**ASSIGNED TASK**
Word-for-word transcription needed. Include every entry below but no pictures.

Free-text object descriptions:
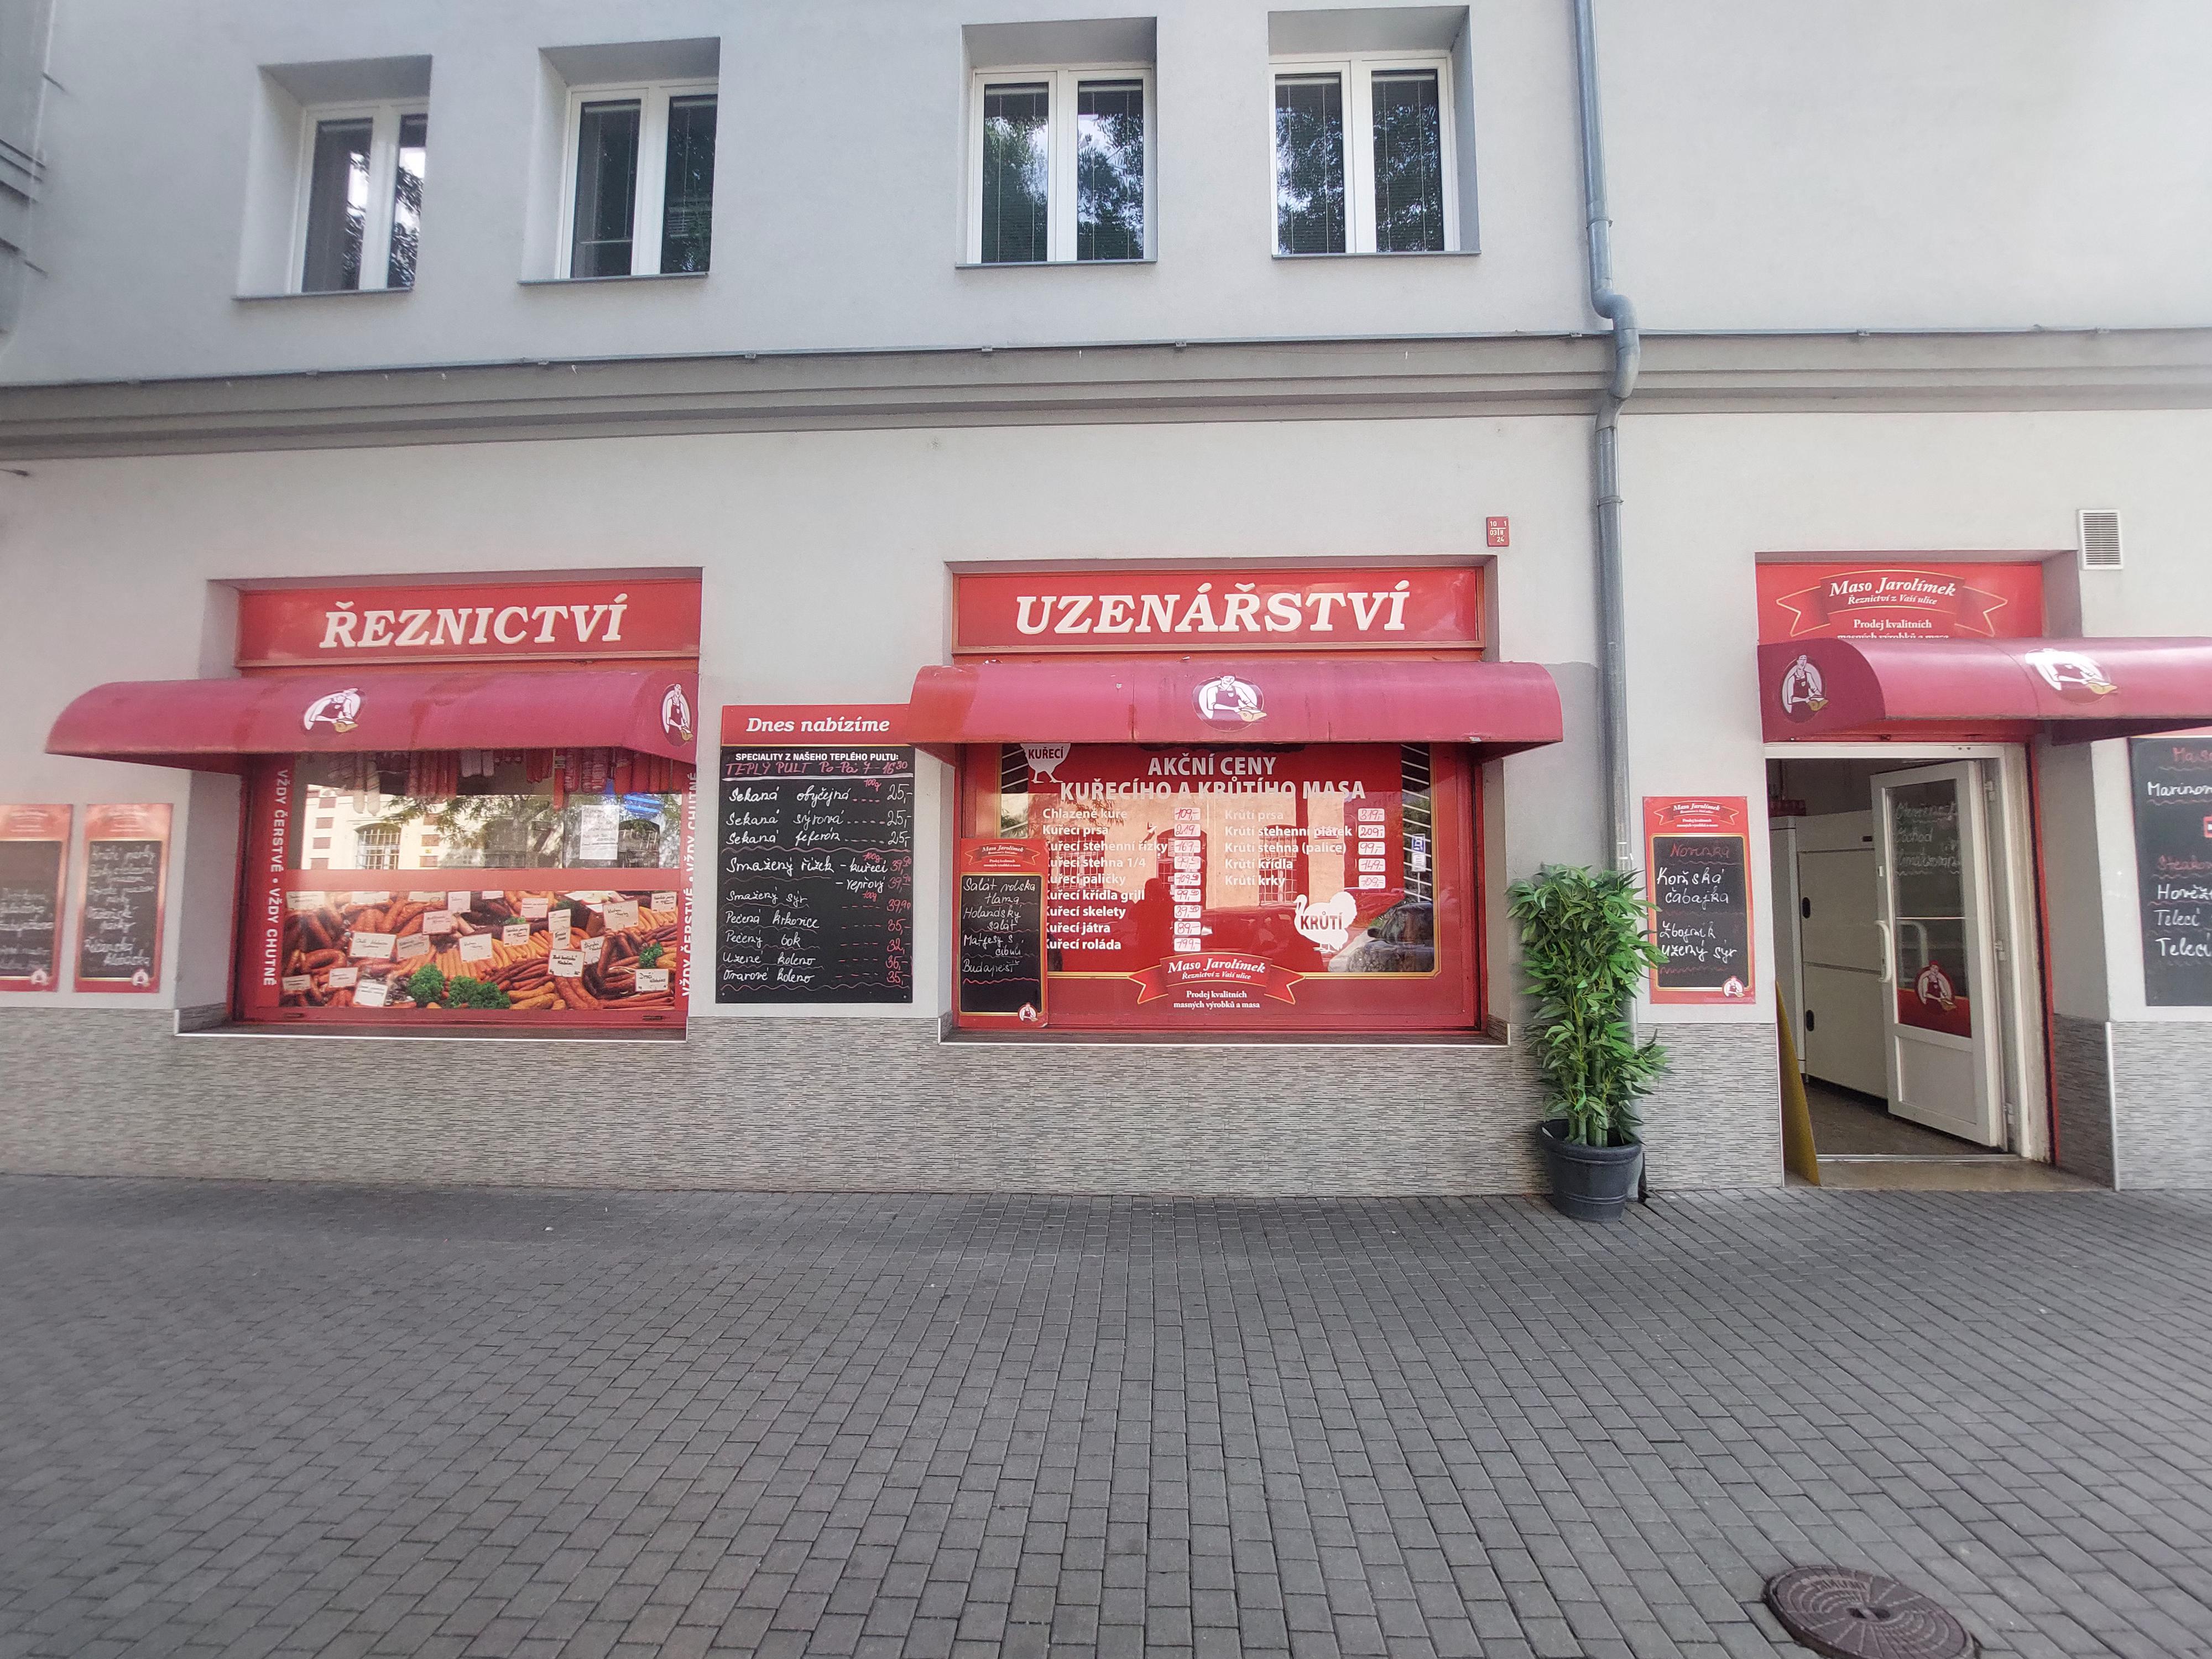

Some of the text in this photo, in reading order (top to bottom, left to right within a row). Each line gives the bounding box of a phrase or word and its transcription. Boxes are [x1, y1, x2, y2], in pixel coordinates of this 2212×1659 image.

[1829, 577, 1956, 597] Maso Jarolímek
[1848, 594, 1890, 604] Řeznictví
[1918, 596, 1938, 605] ulice
[1016, 580, 1410, 635] UZENÁŘSTVÍ
[319, 593, 628, 648] ŘEZNICTVÍ
[1854, 619, 1932, 631] Prodej kvalitních
[746, 717, 890, 732] Dnes nabízíme
[794, 752, 827, 760] NAŠEHO
[830, 752, 868, 760] TEPLÉHO
[1027, 747, 1064, 759] KUŘECÍ
[725, 761, 770, 776] TEPLÝ
[775, 762, 812, 774] PULT
[1147, 753, 1276, 775] AKČNÍ CENY
[1061, 776, 1366, 801] KUŘECÍHO A KRŮTÍHO MASA
[728, 786, 780, 802] Sekaná
[796, 785, 851, 807] obyčejná
[726, 809, 780, 826] Sekaná
[1042, 808, 1128, 819] Chlazené kuře
[1225, 809, 1284, 822] Krůtí prsa
[726, 830, 779, 844] Sekaná
[1042, 825, 1109, 837] Kuřecí prsa
[1225, 826, 1352, 838] Krůtí stehenní plátek
[1083, 841, 1135, 851] stehenní
[1139, 841, 1168, 853] řízky
[1225, 842, 1346, 854] Krůtí stehna (palice)
[726, 857, 793, 876] Smažený
[801, 856, 834, 873] řízek
[1083, 857, 1123, 868] stehna
[1127, 858, 1146, 868] 1/4
[1225, 858, 1293, 869] Krůtí křídla
[263, 769, 291, 986] VŽDY ČERSTVÉ VŽDY CHUTNÉ
[1082, 874, 1126, 886] paličky
[1225, 875, 1285, 888] Krůtí krky
[963, 878, 997, 891] Salát
[726, 886, 779, 904] Smažený
[786, 890, 807, 907] sýr
[1083, 889, 1118, 900] křídla
[1120, 890, 1145, 902] grill
[1665, 885, 1729, 910] čabajka
[725, 908, 761, 924] Pečená
[963, 904, 1022, 924] Holandský
[1082, 906, 1126, 919] skelety
[2153, 907, 2200, 926] Telecí
[987, 920, 1017, 931] salát
[1300, 911, 1342, 930] KRŮTÍ
[1082, 922, 1110, 935] játra
[725, 930, 763, 948] Pečený
[781, 933, 801, 947] bok
[1008, 935, 1013, 943] s
[1082, 938, 1121, 950] roláda
[1713, 940, 1738, 963] sýr
[777, 952, 816, 966] koleno
[1167, 958, 1266, 973] Maso Jarolímek
[776, 968, 815, 983] koleno
[1182, 971, 1214, 979] Řeznictví
[1186, 990, 1209, 1000] Prodej
[1173, 1001, 1204, 1010] masných
[1206, 1001, 1235, 1010] výrobků

**RESPONSE**
Some of the text in this photo, in reading order (top to bottom, left to right within a row). Each line gives the bounding box of a phrase or word and its transcription. Boxes are [x1, y1, x2, y2], in pixel coordinates of this 2212×1659 image.

[1829, 577, 1956, 597] Maso Jarolímek
[1848, 594, 1890, 604] Řeznictví
[1918, 596, 1938, 605] ulice
[1016, 580, 1410, 635] UZENÁŘSTVÍ
[319, 593, 628, 648] ŘEZNICTVÍ
[1854, 619, 1932, 631] Prodej kvalitních
[746, 717, 890, 732] Dnes nabízíme
[794, 752, 827, 760] NAŠEHO
[830, 752, 868, 760] TEPLÉHO
[1027, 747, 1064, 759] KUŘECÍ
[725, 761, 770, 776] TEPLÝ
[775, 762, 812, 774] PULT
[1147, 753, 1276, 775] AKČNÍ CENY
[1061, 776, 1366, 801] KUŘECÍHO A KRŮTÍHO MASA
[728, 786, 780, 802] Sekaná
[796, 785, 851, 807] obyčejná
[726, 809, 780, 826] Sekaná
[1042, 808, 1128, 819] Chlazené kuře
[1225, 809, 1284, 822] Krůtí prsa
[726, 830, 779, 844] Sekaná
[1042, 825, 1109, 837] Kuřecí prsa
[1225, 826, 1352, 838] Krůtí stehenní plátek
[1083, 841, 1135, 851] stehenní
[1139, 841, 1168, 853] řízky
[1225, 842, 1346, 854] Krůtí stehna (palice)
[726, 857, 793, 876] Smažený
[801, 856, 834, 873] řízek
[1083, 857, 1123, 868] stehna
[1127, 858, 1146, 868] 1/4
[1225, 858, 1293, 869] Krůtí křídla
[263, 769, 291, 986] VŽDY ČERSTVÉ VŽDY CHUTNÉ
[1082, 874, 1126, 886] paličky
[1225, 875, 1285, 888] Krůtí krky
[963, 878, 997, 891] Salát
[726, 886, 779, 904] Smažený
[786, 890, 807, 907] sýr
[1083, 889, 1118, 900] křídla
[1120, 890, 1145, 902] grill
[1665, 885, 1729, 910] čabajka
[725, 908, 761, 924] Pečená
[963, 904, 1022, 924] Holandský
[1082, 906, 1126, 919] skelety
[2153, 907, 2200, 926] Telecí
[987, 920, 1017, 931] salát
[1300, 911, 1342, 930] KRŮTÍ
[1082, 922, 1110, 935] játra
[725, 930, 763, 948] Pečený
[781, 933, 801, 947] bok
[1008, 935, 1013, 943] s
[1082, 938, 1121, 950] roláda
[1713, 940, 1738, 963] sýr
[777, 952, 816, 966] koleno
[1167, 958, 1266, 973] Maso Jarolímek
[776, 968, 815, 983] koleno
[1182, 971, 1214, 979] Řeznictví
[1186, 990, 1209, 1000] Prodej
[1173, 1001, 1204, 1010] masných
[1206, 1001, 1235, 1010] výrobků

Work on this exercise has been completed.